Hannah explains why being in London is an inevitable situation for most of the domestic
community, because of their tied visa and their options: “I want to emphasise how the law here
gives you no choice. You are tied. If you leave, you also lost. That’s why you choose to stay.” Patty
adds how COVID-19 prolongs what already seems to be a drawn out process, and this harms
workers: “We have cases like this during COVID-19. But we cannot persuade them to leave their
masters right now, because it’s difficult to find any work.”
Patty gives a scenario of what happens to domestic workers should they be granted a leave to
“After 2 years, you get deported back to the Philippines, but when you get there, we don’t have any
work. The Philippine government does not create jobs for us. They create for the Chinese. So what
happens is a cycle. Those who are deported will end up in the Middle East again.”
This makes London one chapter in a series of cities where Filipino domestic workers end up; This
series includes cities in the Middle East, including Dubai, Riyadh, and Muscat; Hong Kong; and
cities in the United States, such as New York City, and various localities in the states of California
and Chicago.
This is what Massey (2007) calls a ‘dispersed geography,’ a critical understanding of London’s
politics of place, or how, as a city, it relationally links to the rest of the world. She says of place:
“The imagination should not be of boundaries drawn ever wider, of ever bigger containers, or indeed
of a new geography of scales. Rather what is at issue is a more dispersed geography, or relations
and practices, and maybe even of identities: a different geography of identities within, as part of,
globalisation.” (ibid, p187)
This also partially responds to one of the questions Massey asks in framing the world city: “Where
does London end?” (ibid, p13;187)
5.5.3 Cities of care
There is one final understanding of dualities to be added to the list iterated in this research, and
that is the rethinking of London, and of cities, which embrace both a self and the other. The Filipino
virtue ethic of kapwa provides this way of thinking. Kapwa is a parallel of coevalness, and it affects
the dynamics of how cities are currently understood. As an ethic, it leads the city to be more
relational, and more empathic towards communities that it may neglect. In embracing this, and in
sharing an identity with an ethnic other, London is put in a position of responsibility, a position to
reciprocate, redistribute, and provide care towards those who care for the city.

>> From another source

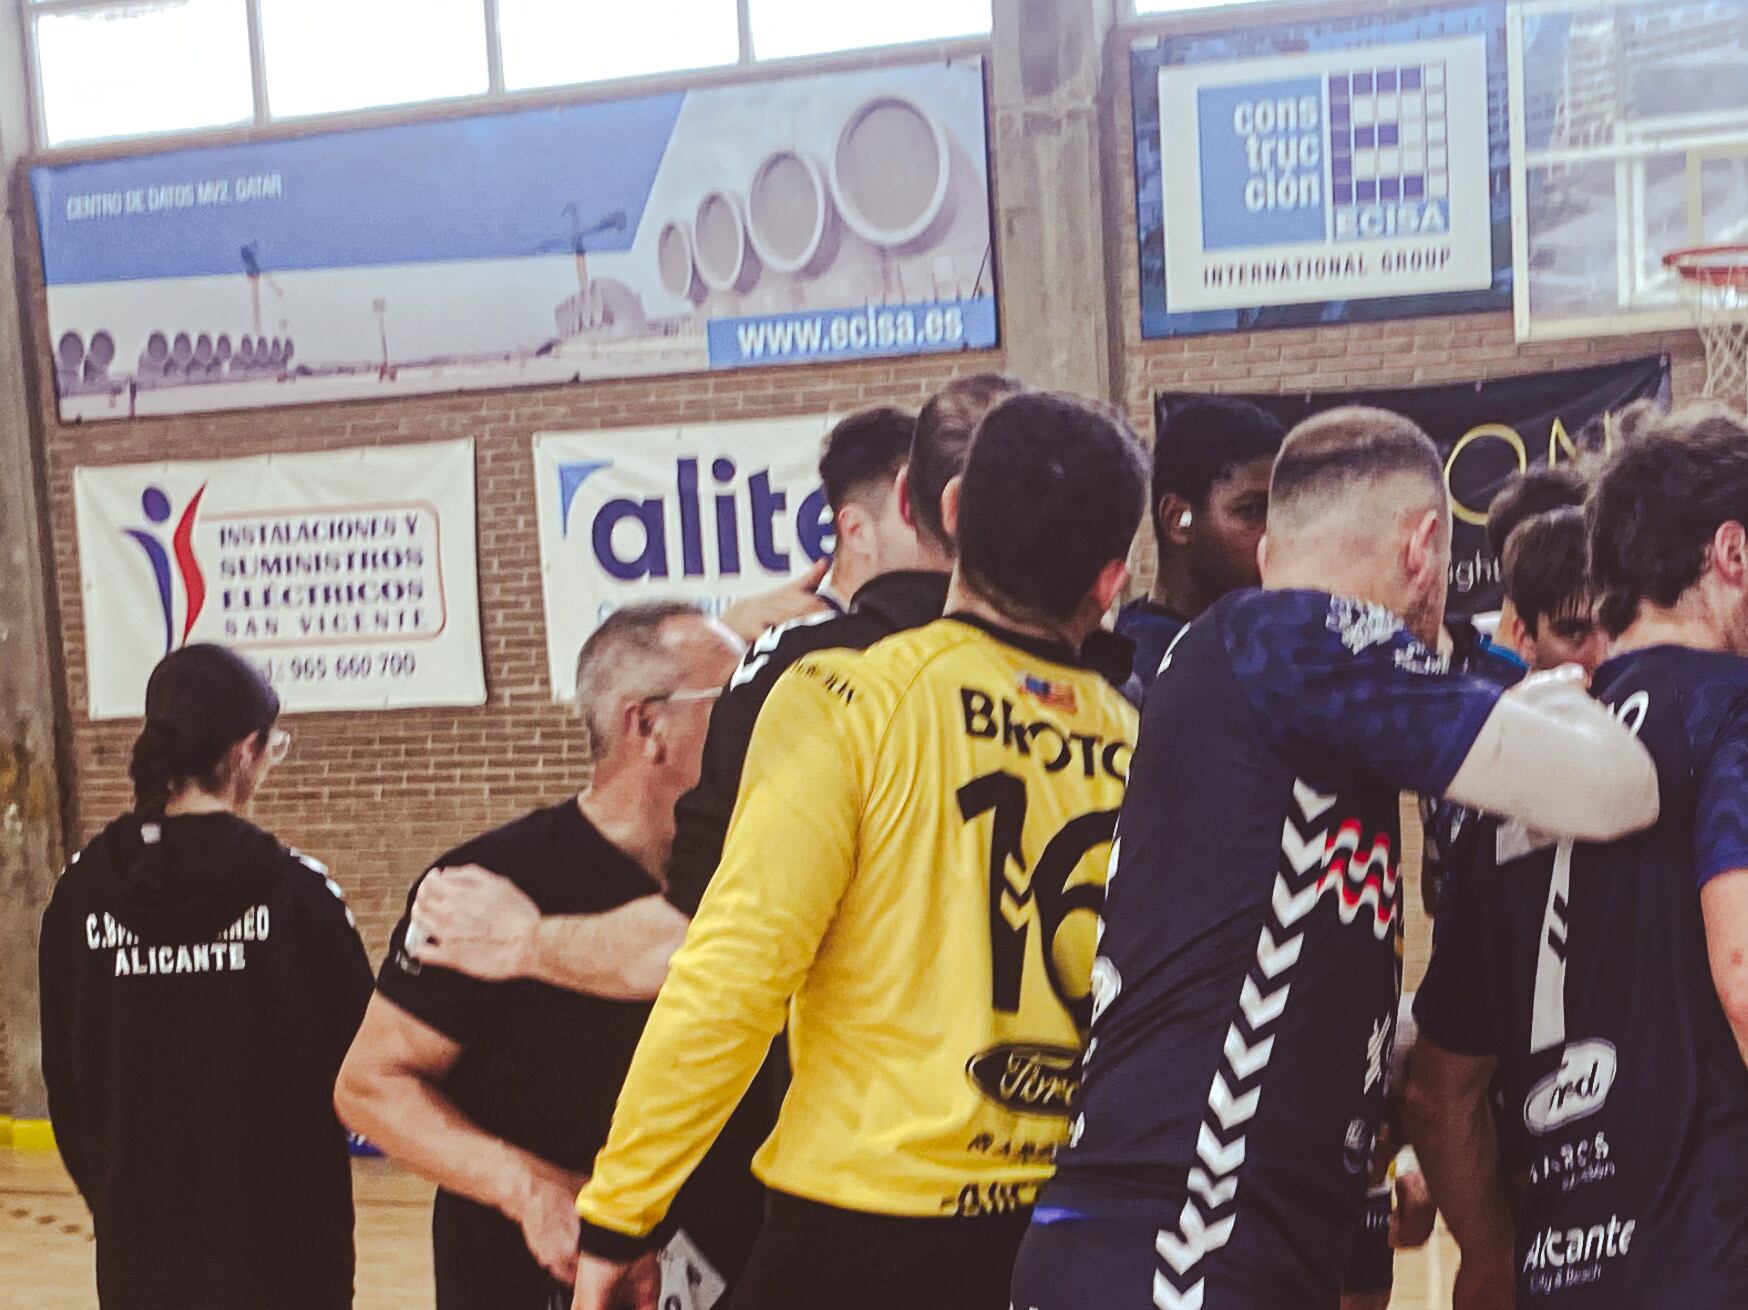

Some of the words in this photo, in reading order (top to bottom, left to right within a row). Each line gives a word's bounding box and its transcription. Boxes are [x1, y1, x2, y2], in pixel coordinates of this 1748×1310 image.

The way the Filipino community brings care to the spaces and society of London, the way its
members view the other as the self, challenges the very notion of othering. There is a certain
selflessness in viewing the other as one’s own; it is in this sense that this study concludes with why
London, and other urban spaces, should become more caring cities. A city is where people live,
work, and where they spend years of their lives in. It becomes a home. In caring for its dwellers, it
should provide comfort and wellbeing.
The concept of a ‘city of care’ is born from a shift of perspective on viewing London—through the
lens, culture, and identity of an ethnic invisible other. Care is a strength of the Filipino community,
and it brings an advantage to the city; this is precisely why differences, ethnicities, and
multiplicities, which make London’s super-diversity, should be recognised and valued.
Chapter 6: Conclusion
6.1 A summary"
So, how is the London Filipino community faring and coping with the COVID-19 pandemic, thus
far? There are a number of answers to inform this question. First, pre-pandemic context matters;
decades prior to COVID-19, Filipinos in London already lived with (to a point of normalising) unfair
treatment: being referred to as an invisible other, encountering biases and racism towards
professional work (and even hostility towards Filipino culture), abuse, and, inside the home,
uncomfortable overcrowding. Second, the pandemic, with its contagiousness and restrictions to
physical proximity, intensified precariousness and piled on more challenges to the community: as
part of frontline work, many nurses and health workers reported for duty, at the expense of life, and
of personal wellbeing; many domestic workers and social care workers lost jobs (which impacted
families and an economy beyond London’s borders); and the city’s spaces—shared flats, homes,
and streets—increased risks and threatened personal safety of members of the community.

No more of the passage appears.